The skis are so much more stable when embarking on speed runs, and they barely notice bumps and imperfections, absorbing them and brushing them aside. If you’re traveling at a similar speed on the snowblades, you have to be that much more mindful of the bumps. You have to work them carefully, as they could easily knock you off-route and into the ditch.
The challenge of standing up and getting going after a fall is getting around skis, their length, and their cumbersomeness. The snowblades are so less cumbrous, and you can find your way to your feet a lot easier than on skis.
7. Moving On Flats
Both skis and snowblades can quickly negotiate flat patches, but remember that the skiers have poles that they use to push off with. The snowblader tends to ‘skate’ across flat spots with relative ease.
8. Jumps and Boxes
This is also a puzzle, because logic will point towards the shorter snowblades having way more stability over the longer skis on jumps and boxes, and to tell the truth, they do. With less rail to control, the snowblader has way more control on the focused part of boxes and jumps when you’re engaged with the obstacle. The problem is in the landing. Snowblades are short and wobbly, and the rider often makes the jump successfully, but then wobbles out after the jump. Skis, on the other hand, are stable and perform better, with more board out front and behind. Adding to the stability.

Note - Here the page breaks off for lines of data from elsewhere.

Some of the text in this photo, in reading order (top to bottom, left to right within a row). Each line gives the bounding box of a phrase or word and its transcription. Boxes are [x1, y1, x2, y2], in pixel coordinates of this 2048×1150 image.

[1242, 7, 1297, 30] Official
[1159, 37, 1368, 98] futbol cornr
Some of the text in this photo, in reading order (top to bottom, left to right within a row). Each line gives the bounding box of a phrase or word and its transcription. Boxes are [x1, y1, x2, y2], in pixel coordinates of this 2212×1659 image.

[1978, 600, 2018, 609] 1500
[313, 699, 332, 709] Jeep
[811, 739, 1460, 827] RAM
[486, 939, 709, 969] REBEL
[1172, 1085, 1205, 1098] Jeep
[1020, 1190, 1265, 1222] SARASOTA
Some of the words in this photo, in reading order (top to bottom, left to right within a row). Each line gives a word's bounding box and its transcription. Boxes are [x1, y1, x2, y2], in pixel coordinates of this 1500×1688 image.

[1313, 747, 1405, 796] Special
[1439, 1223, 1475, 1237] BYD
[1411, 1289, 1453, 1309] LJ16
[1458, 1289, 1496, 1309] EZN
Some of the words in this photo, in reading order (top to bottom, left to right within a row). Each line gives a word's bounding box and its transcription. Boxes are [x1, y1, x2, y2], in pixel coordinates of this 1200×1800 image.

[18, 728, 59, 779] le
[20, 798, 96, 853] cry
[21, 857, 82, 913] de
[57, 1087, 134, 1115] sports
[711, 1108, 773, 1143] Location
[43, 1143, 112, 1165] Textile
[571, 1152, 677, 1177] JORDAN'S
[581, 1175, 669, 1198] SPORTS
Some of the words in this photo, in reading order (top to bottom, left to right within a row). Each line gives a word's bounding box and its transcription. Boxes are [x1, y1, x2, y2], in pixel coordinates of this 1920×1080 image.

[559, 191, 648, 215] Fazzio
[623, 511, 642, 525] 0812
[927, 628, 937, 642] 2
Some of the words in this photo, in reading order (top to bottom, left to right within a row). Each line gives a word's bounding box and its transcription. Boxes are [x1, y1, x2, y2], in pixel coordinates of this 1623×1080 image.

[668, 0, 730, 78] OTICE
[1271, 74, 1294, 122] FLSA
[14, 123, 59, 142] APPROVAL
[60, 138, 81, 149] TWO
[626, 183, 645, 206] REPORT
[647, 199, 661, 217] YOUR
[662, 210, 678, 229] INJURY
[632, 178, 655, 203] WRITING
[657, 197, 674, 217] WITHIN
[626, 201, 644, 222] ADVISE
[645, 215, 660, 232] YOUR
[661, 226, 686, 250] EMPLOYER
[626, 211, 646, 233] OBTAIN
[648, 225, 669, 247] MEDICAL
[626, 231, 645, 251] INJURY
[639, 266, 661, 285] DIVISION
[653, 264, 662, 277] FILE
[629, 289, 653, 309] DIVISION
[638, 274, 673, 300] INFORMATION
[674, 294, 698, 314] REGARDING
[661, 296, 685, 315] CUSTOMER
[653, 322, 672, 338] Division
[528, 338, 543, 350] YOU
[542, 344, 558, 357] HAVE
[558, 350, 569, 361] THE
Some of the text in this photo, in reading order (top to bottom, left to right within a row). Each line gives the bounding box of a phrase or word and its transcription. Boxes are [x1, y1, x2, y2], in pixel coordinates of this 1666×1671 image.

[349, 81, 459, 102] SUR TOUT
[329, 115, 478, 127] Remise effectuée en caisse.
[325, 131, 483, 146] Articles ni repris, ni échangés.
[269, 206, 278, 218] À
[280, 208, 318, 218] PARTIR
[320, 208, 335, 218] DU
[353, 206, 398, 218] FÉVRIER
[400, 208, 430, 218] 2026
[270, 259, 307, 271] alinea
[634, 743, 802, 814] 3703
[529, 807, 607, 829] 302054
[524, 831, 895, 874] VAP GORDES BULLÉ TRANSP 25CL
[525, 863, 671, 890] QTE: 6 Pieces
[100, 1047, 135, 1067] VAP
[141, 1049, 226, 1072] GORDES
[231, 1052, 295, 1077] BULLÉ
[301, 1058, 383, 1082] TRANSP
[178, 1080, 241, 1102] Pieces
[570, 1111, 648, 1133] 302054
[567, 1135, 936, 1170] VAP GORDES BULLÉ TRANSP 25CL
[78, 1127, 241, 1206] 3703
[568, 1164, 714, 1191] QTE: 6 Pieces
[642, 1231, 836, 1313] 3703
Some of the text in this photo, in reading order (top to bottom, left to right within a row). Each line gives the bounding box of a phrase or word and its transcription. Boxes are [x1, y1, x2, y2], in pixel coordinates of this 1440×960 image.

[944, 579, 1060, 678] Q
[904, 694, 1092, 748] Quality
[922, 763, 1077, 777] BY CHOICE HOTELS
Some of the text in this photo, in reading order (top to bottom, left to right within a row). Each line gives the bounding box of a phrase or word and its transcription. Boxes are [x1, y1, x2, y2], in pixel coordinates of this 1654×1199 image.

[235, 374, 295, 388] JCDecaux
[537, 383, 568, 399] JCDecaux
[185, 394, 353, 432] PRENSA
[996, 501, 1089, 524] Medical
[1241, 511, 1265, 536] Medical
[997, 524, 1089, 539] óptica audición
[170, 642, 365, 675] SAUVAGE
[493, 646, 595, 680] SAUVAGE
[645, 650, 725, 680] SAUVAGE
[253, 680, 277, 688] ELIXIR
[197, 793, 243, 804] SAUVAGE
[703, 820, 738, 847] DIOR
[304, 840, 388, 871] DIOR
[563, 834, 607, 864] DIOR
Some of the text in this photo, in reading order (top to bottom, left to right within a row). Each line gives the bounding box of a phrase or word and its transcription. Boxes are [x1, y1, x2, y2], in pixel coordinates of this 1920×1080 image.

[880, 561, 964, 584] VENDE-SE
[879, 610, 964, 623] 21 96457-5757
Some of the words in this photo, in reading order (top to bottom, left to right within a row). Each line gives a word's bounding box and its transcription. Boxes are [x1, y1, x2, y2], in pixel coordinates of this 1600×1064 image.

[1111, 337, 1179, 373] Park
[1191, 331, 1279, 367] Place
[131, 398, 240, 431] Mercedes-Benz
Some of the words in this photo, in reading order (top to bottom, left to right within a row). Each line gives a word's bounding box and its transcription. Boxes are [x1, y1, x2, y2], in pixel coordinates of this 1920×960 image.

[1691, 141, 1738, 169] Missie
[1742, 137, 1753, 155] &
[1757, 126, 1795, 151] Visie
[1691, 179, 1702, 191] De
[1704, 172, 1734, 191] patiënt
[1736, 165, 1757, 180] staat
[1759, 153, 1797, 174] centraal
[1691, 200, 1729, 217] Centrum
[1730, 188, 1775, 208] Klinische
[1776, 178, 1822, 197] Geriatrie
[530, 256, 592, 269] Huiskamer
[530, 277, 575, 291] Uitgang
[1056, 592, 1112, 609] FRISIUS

There is an optimal state when skiing, called Flow that can be compared to a Zen state when everything feels aligned. It happens to sportspeople when everything is aligned, and everything feels like it is working. Many people who are skilled at both snowblading and skiing have expressed that they have attained flow far quicker on snowblades than on skiing. Hard to quantify and prove, but the flow is a place when the world feels like it is working with you, and it’s a great place to be. If snowblading can get you there reasonably quickly, then it is a worthy pursuit.